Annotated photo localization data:
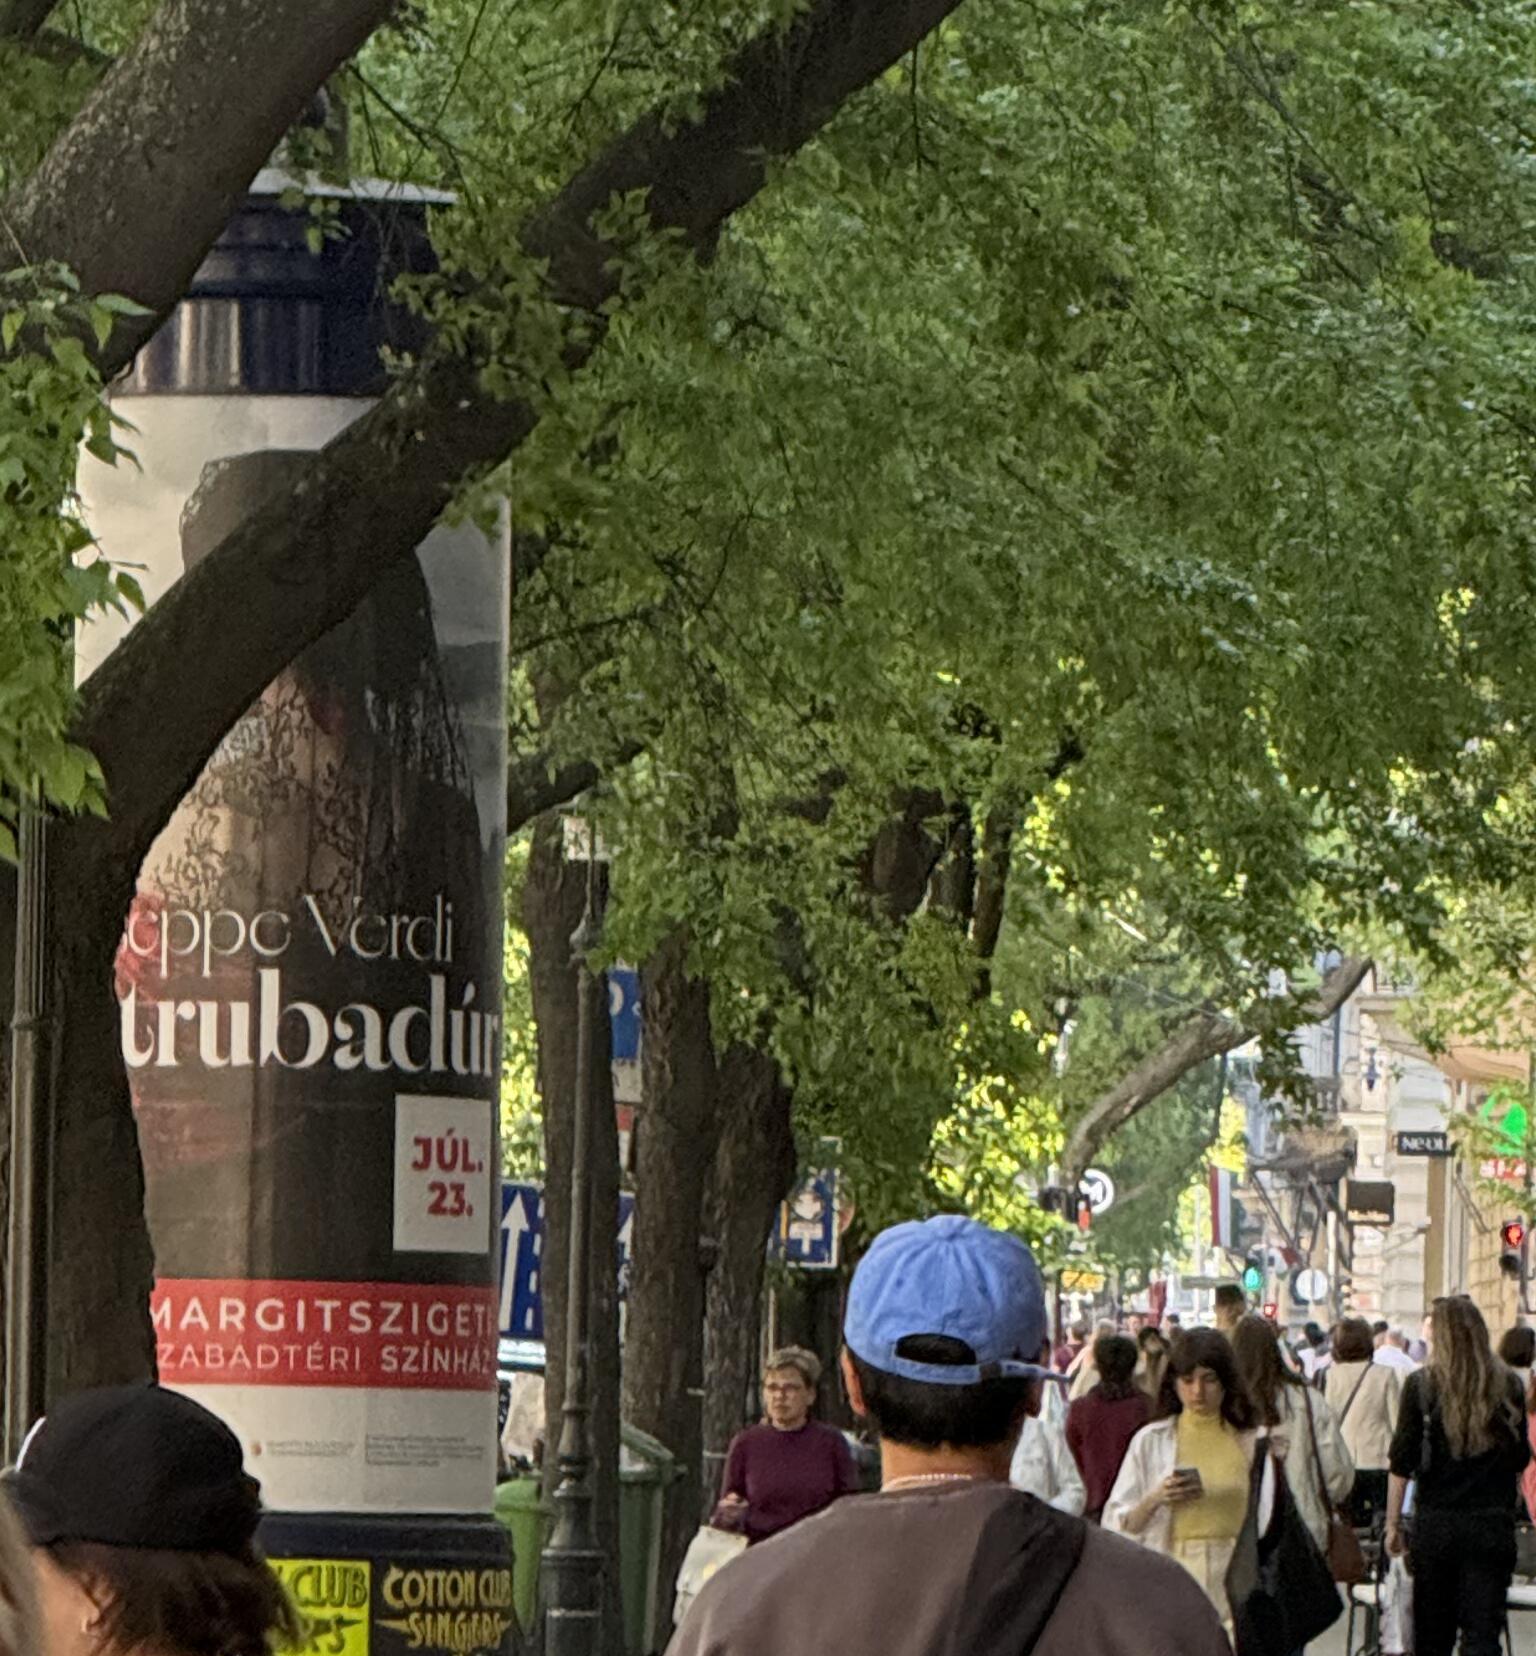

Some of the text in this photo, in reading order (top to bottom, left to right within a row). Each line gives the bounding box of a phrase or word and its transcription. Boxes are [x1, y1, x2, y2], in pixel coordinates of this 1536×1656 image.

[121, 893, 453, 978] eppe Verdi
[120, 967, 499, 1079] trubadúr
[411, 1127, 484, 1174] JÚL.
[427, 1180, 474, 1218] 23.
[150, 1296, 492, 1338] MARGITSZIGETI
[157, 1339, 491, 1375] ZABADTÉRI SZÍNHÁZ
[290, 1564, 368, 1608] CLUB
[382, 1565, 512, 1609] COTTON CLUB
[407, 1611, 501, 1651] SINGERS

**TASK DIRECTIONS:**
Please transcribe every entry exactly as written, leaving the pictures out.

**REPLY TO THE TASK:**
Some of the text in this photo, in reading order (top to bottom, left to right within a row). Each line gives the bounding box of a phrase or word and its transcription. Boxes are [x1, y1, x2, y2], in pixel coordinates of this 1536×1656 image.

[121, 893, 453, 978] eppe Verdi
[120, 967, 499, 1079] trubadúr
[411, 1127, 484, 1174] JÚL.
[427, 1180, 474, 1218] 23.
[150, 1296, 492, 1338] MARGITSZIGETI
[157, 1339, 491, 1375] ZABADTÉRI SZÍNHÁZ
[290, 1564, 368, 1608] CLUB
[382, 1565, 512, 1609] COTTON CLUB
[407, 1611, 501, 1651] SINGERS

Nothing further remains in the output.